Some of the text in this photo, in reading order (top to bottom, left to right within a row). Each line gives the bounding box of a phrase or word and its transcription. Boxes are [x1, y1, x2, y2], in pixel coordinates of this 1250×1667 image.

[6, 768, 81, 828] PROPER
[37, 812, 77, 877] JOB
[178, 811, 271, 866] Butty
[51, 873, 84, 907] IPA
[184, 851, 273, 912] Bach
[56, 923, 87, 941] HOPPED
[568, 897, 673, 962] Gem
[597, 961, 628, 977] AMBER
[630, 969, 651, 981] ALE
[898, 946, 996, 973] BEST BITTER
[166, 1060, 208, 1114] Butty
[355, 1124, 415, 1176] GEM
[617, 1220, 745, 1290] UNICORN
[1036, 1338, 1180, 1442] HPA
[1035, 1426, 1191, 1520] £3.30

┄┄┄┄┄┄┄┄┄┄┄┄┄┄┄┄┄┄┄┄

WHAT TO PRODUCE: Every entry above needs to be copied exactly.

FINISHED EXERCISE:
Some of the text in this photo, in reading order (top to bottom, left to right within a row). Each line gives the bounding box of a phrase or word and its transcription. Boxes are [x1, y1, x2, y2], in pixel coordinates of this 1250×1667 image.

[6, 768, 81, 828] PROPER
[37, 812, 77, 877] JOB
[178, 811, 271, 866] Butty
[51, 873, 84, 907] IPA
[184, 851, 273, 912] Bach
[56, 923, 87, 941] HOPPED
[568, 897, 673, 962] Gem
[597, 961, 628, 977] AMBER
[630, 969, 651, 981] ALE
[898, 946, 996, 973] BEST BITTER
[166, 1060, 208, 1114] Butty
[355, 1124, 415, 1176] GEM
[617, 1220, 745, 1290] UNICORN
[1036, 1338, 1180, 1442] HPA
[1035, 1426, 1191, 1520] £3.30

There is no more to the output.